Hospitals and health systems across the country shared examples of how they are working with their community on partnerships, innovations and creative solutions to foster peace and make a safer environment for workers and patients.
This work continues each and every day throughout the year as hospitals and health systems lead and participate in efforts to mitigate and prevent violence. A few examples from the field:
- NewYork-Presbyterian balances traditional security and emergency management processes with information technology infrastructure, including electronic medical record flagging, behavioral risk assessment and mass casualty event training, to prevent and mitigate workplace violence incidents at its 11 hospitals.
- Bristol Health decreased workplace violence by upgrading its incident reporting system, boosting prevention education and supporting employees. The hospital has gained crucial support from local stakeholders and policymakers, which has inspired conversations about communitywide policy changes.
- Inova formed a multidisciplinary team to evaluate current data, develop employee engagement strategies and ensure systemwide buy-in. These efforts have helped reduce the severity and frequency of injuries in Inova’s emergency departments, behavioral health units and across the system.
At Grady Health System, the organization I lead, we too balance traditional security and emergency management processes with information technology infrastructure, including EMR flagging and behavioral risk assessments, to prevent and mitigate workplace violence. We also train all staff in de-escalation, self-defense and response to emergency codes when they’re hired, annually and with any changes.
Years ago, we launched our WeCARE peer responder program, which addresses the needs of second victims at Grady. The WeCARE team assists when clinicians and staff need a reset, providing an opportunity for recovery after a traumatic event.
A new program at Grady is Interrupting Violence in Youth and Young Adults (IVYY), a hospital-based violence intervention program with a mission to reduce reinjury due to violence in youth and young adults ages 14–44 in Atlanta. Violence intervention specialists counsel patients and their families, offering access to wraparound services through mental health, social and economic community programs. In just a few months, IVYY has enrolled 125 people.
Also in Georgia, Governor Brian Kemp signed the Safer Hospitals Act into law. It will allow hospitals in the state to have their own police force and will increase penalties for someone convicted of assaulting a health care worker.

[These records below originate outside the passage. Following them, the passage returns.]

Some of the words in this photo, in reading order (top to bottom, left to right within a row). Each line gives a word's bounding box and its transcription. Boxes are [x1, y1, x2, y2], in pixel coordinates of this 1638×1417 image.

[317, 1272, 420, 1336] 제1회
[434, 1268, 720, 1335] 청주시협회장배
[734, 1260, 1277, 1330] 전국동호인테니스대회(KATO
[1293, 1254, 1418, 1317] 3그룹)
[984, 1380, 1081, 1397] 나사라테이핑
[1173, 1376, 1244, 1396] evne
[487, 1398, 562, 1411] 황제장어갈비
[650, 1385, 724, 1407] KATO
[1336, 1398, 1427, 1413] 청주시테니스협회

The law goes into effect July 1.
At the federal level, the AHA continues to advocate for the passage of the Safety from Violence for Healthcare Employees Act (H.R. 2584), bipartisan legislation that would give health care workers the same legal protections against assault and intimidation that flight crews and airport workers have under federal law. The bill also would establish a federal grant program at the Department of Justice to augment hospitals’ efforts to reduce violence, by funding violence prevention training programs, coordination with state and local law enforcement, and physical plant improvements, such as metal detectors and panic buttons.

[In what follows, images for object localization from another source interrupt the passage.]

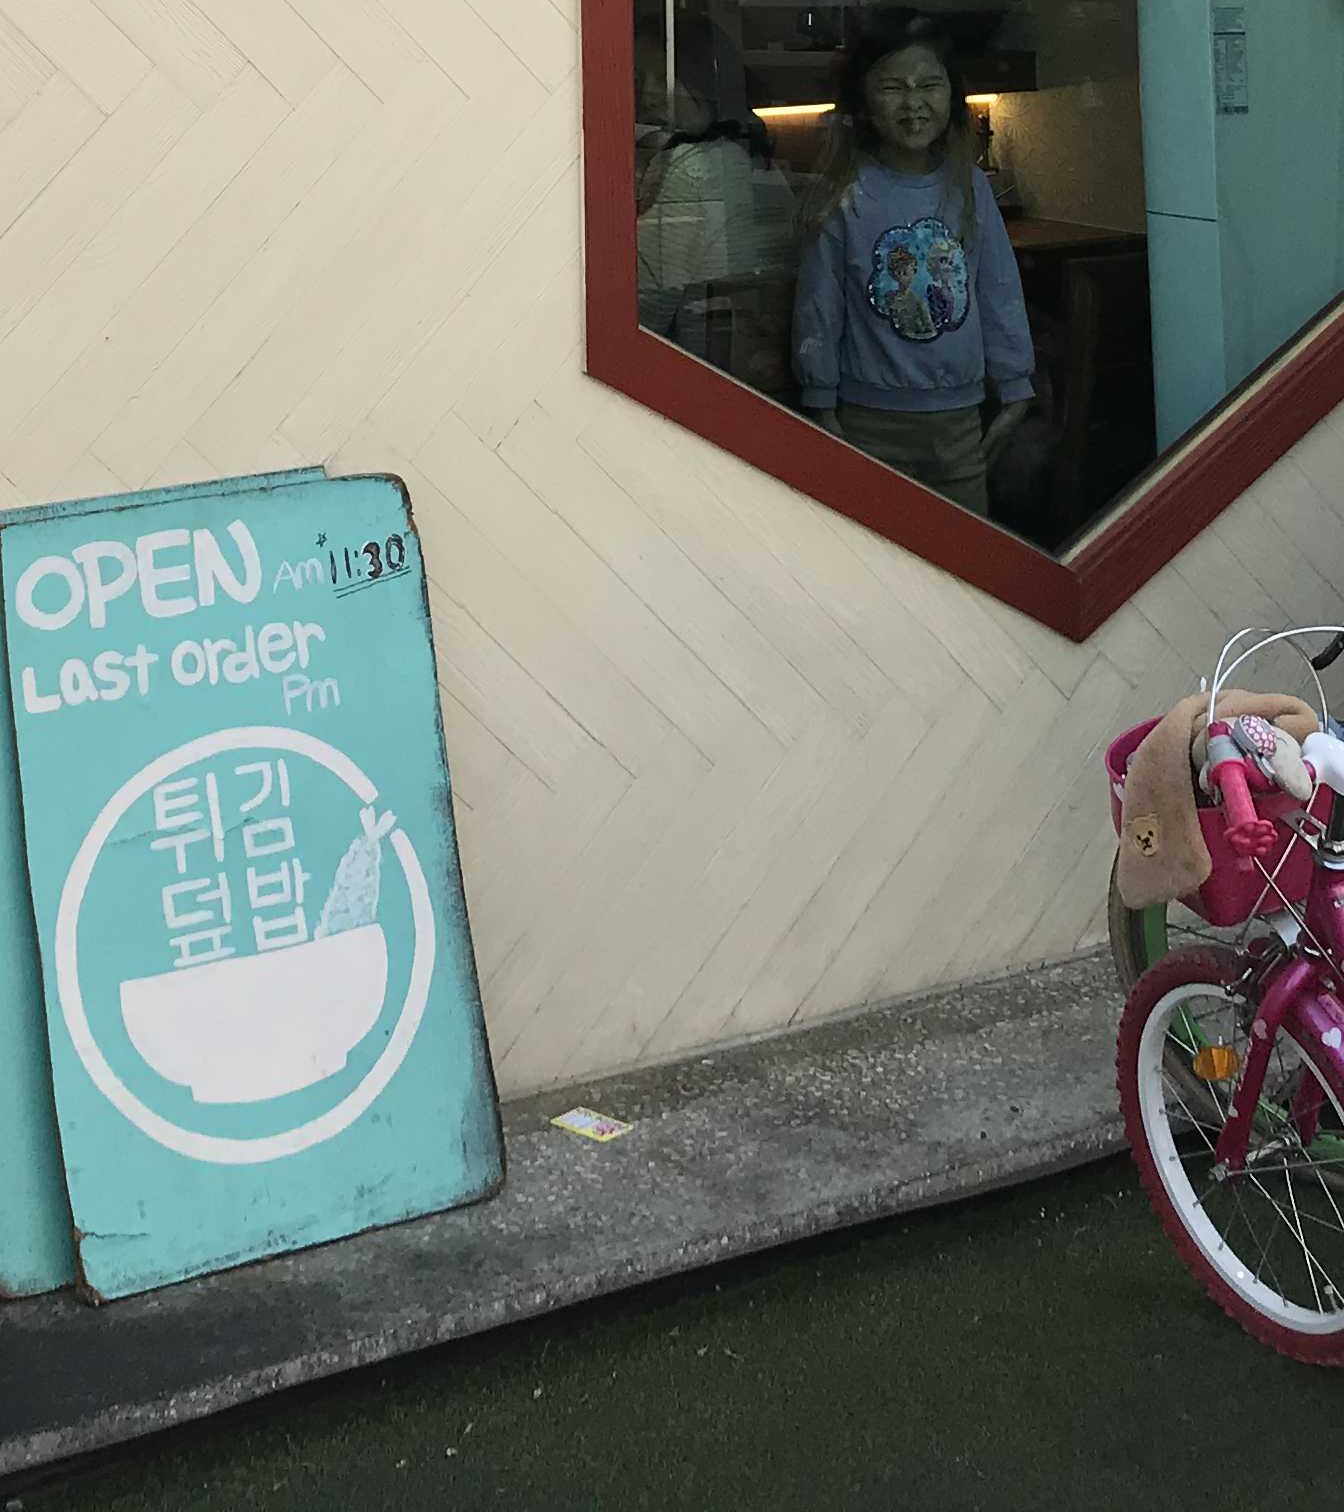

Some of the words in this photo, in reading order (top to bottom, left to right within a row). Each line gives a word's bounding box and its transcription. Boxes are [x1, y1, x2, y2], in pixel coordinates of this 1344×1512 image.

[15, 519, 263, 631] OPEN
[329, 533, 407, 585] 11:30
[22, 644, 160, 714] Last
[170, 620, 327, 686] order
[282, 674, 342, 717] Pm

Ensuring a culture of safety means prioritizing the physical and psychological safety of the health care workforce, patients, families and communities. It calls for assessing and reducing potential risks, recognizing and addressing physical and non-physical trauma and, just as important, collaborating with community partners to prevent ongoing or future violent incidents. The AHA will continue to lead and support efforts to build safe workplaces and communities.